Fantom Blockchain Overview
Layer 1 blockchains have been one of the hottest topics amongst the cryptocurrency community in 2021. As more L1s are endorsing themselves as the most superior technologies, the details regarding these technologies can be lost within the social media noise. This article will explore Fantom ecosystems’ capabilities and features that make it stand out from other L1 platforms.
On a comprehensive level, these new blockchain networks like Fantom aim to solve the trilemma issue within the blockchain, that is, the issue of not sacrificing security, decentralization, and speed as more transactions go through the network.
Fantom Network: Macro Overview
Fantom network had its main net launch in December of 2019, according to their main website, the number of transactions per day has grown by over a hundred times since January 1, 2021, with the number of unique addresses growing by twenty-nine times within that same time frame. Currently, there are 300,000 transactions per day with 145,000 unique addresses.
Fantom’s main DeFi advisor and software architect is Andre Cronje, the creator of Yearn Finance. He is currently the chairperson of the Technology Council of Fantom Foundation based in Seoul, South Korea. Multidisciplinary individuals within science, engineering, and research are currently engaged within the foundation.
“I don’t build for speculators” – Andre Cronje
The ecosystem possesses Ethereum Virtual Machine (EVM) compatibility so that Developers do not need to learn any new programming language to build on Fantom. Code on Ethereum can be mirrored on Fantom with ease due to the EVM which allows a “drag and drop” type of functionality. There are currently 40+ compatible decentralized applications that are built off similar programming languages to Ethereum that are tied to the Fantom network. Some of these well-known applications include SushiSwap, Curve, Superfarm NFT marketplace, Fantom fWallet, Fantom Safe, Fantom Explorer, The Graph, Chainlink, and Band Protocol, amongst others.
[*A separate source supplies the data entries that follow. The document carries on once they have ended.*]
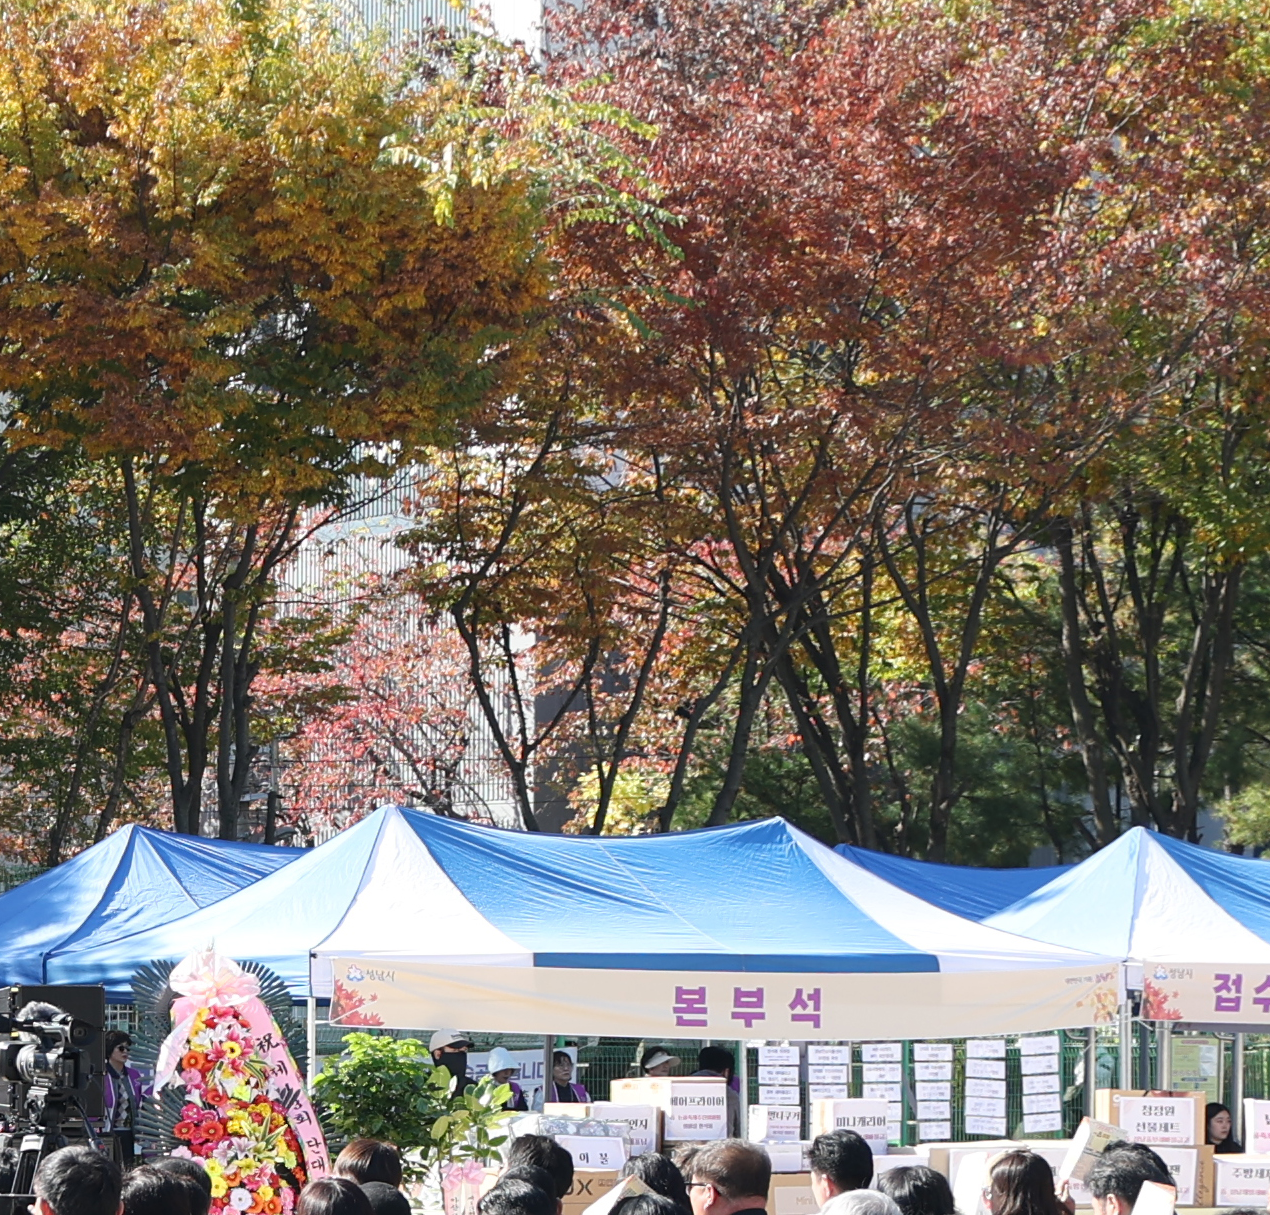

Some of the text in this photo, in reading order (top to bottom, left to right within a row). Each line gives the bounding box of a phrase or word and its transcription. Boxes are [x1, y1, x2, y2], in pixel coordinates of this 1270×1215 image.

[366, 968, 395, 982] 성남시
[1168, 967, 1194, 980] 성남시
[1142, 1105, 1175, 1116] 청정원
[1136, 1122, 1181, 1133] 선물세트
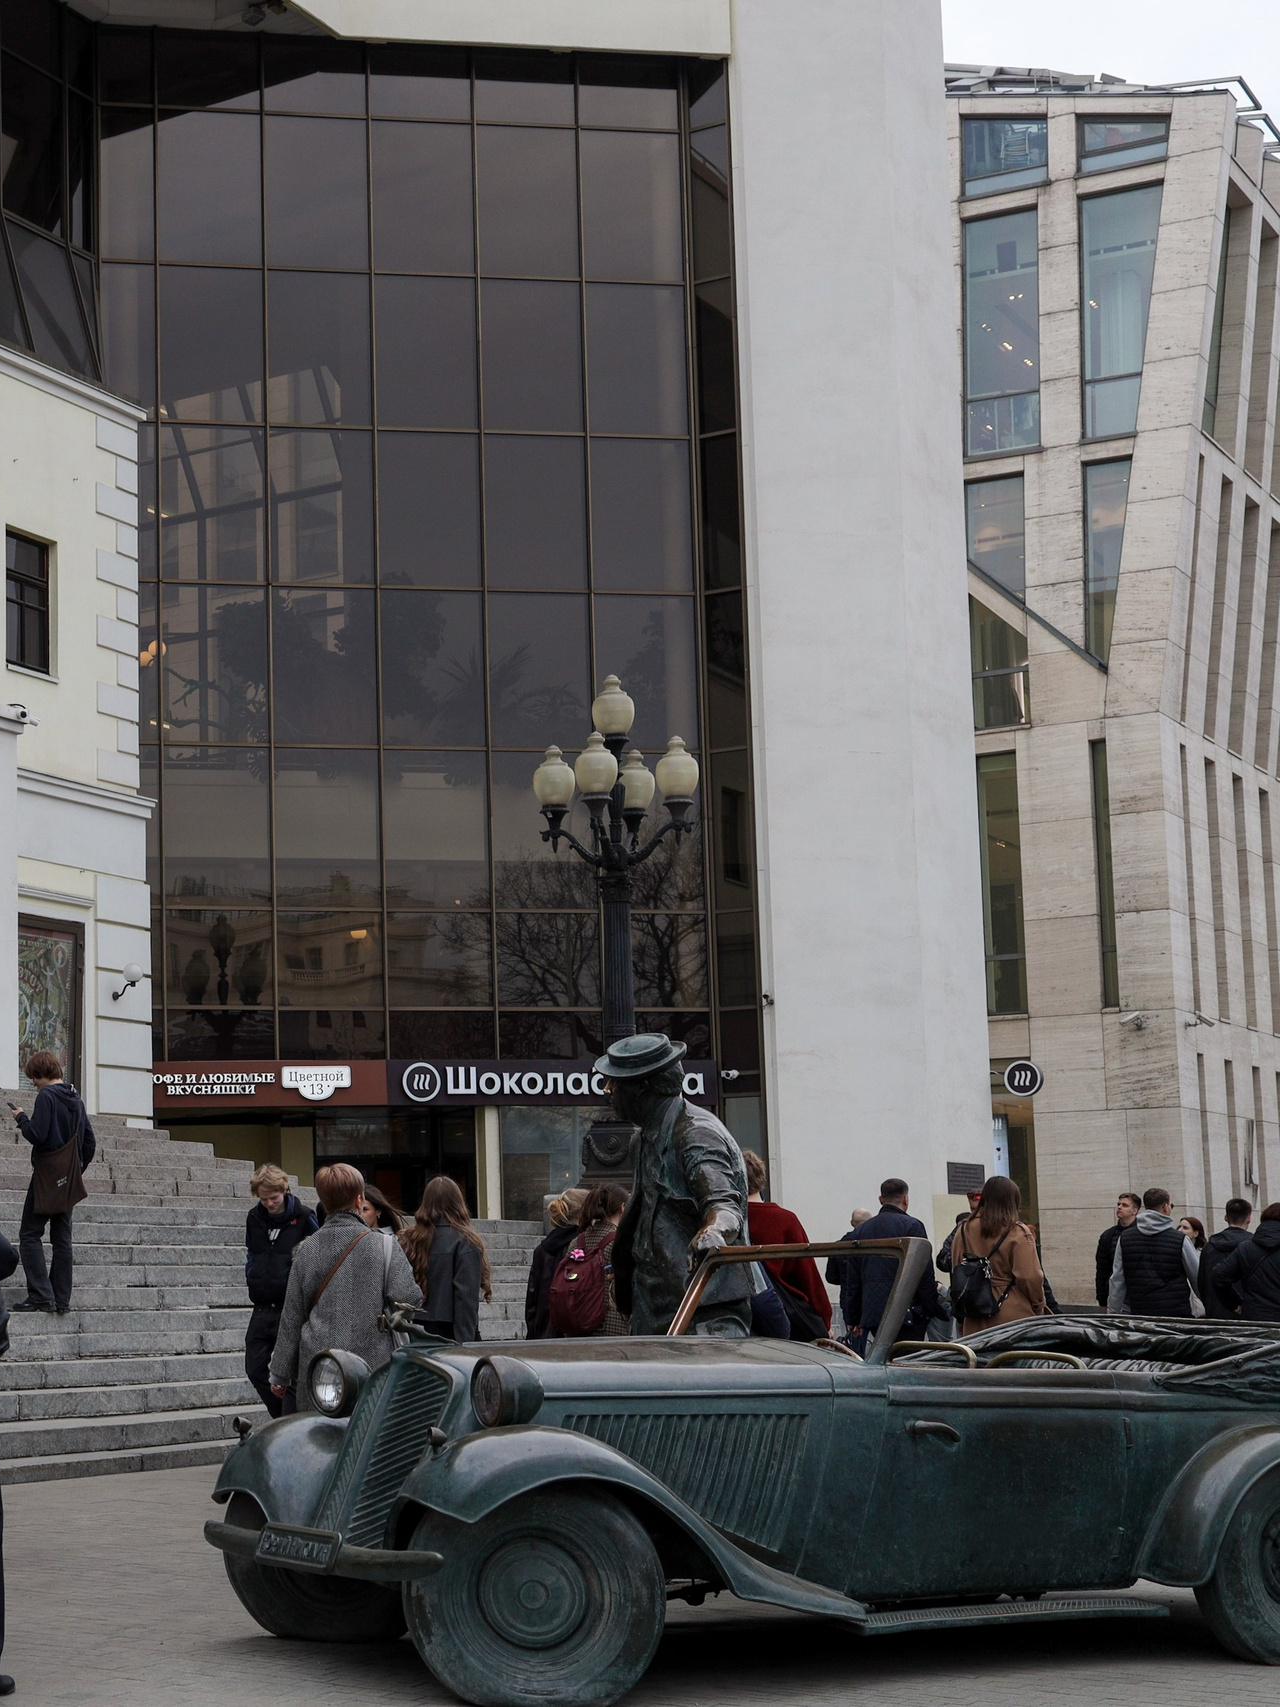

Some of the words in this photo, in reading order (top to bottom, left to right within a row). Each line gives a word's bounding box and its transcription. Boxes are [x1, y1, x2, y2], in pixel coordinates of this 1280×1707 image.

According to an article by DeFiCoins, while several of these dApps allow peer-to-peer lending services and staking, the overall goal of the Fantom ecosystem is to become the go-to IT infrastructure for the future development of smart cities. “The team foresees the platform to be useful across different sectors like smart home systems, healthcare, public utilities, traffic management, environmental sustainability, projects, and education.”
Fantom Network: Distinctive Capabilities
One of the most unique features of the Fantom network is its efficient consensus mechanism. They are able to prove truth with a block DAG consensus mechanism, so when transactions are validated on the Fantom network, it is not done through mining but done through the nodes that prove the truth. Both Fantom and Ethereum are using EVM which allows the same smart contract functionality, however, Fantom is able to execute these transactions in a much quicker and cheaper way. Fantom can process 300,000 transactions per second while ETH 2.0 will only process 100,000 transactions per second, even after the 2.0 upgrade is completed in 2022.
On Fantom’s website, they boast that they “are the first layer 1 network to enable all users to make and vote on improvement proposals in a fully decentralized manner.” The software may also be used by any corporate or government entity wishing to access the benefits of blockchain for their operations.
In conclusion, we get into this mindset where we compare different blockchains, however, the truth is that they are going to complement each other versus compete with each other due to the variations in consensus and capabilities that each network offers. Developers will choose the networks that work best for their solution. Bridging allows transactions from one network to the next network. Since both Fantom and ETH are EVM compatible, one will be able to seamlessly bridge transactions from one network to any other EVM coordinating network.
The future of Web 3 is interoperability. There are many use cases for trustless systems, and one chain will not have the ability to host all activities. This is a nascent technology with use cases not yet discovered. Layer 1 networks with unique capabilities will be fertile ground for new solutions.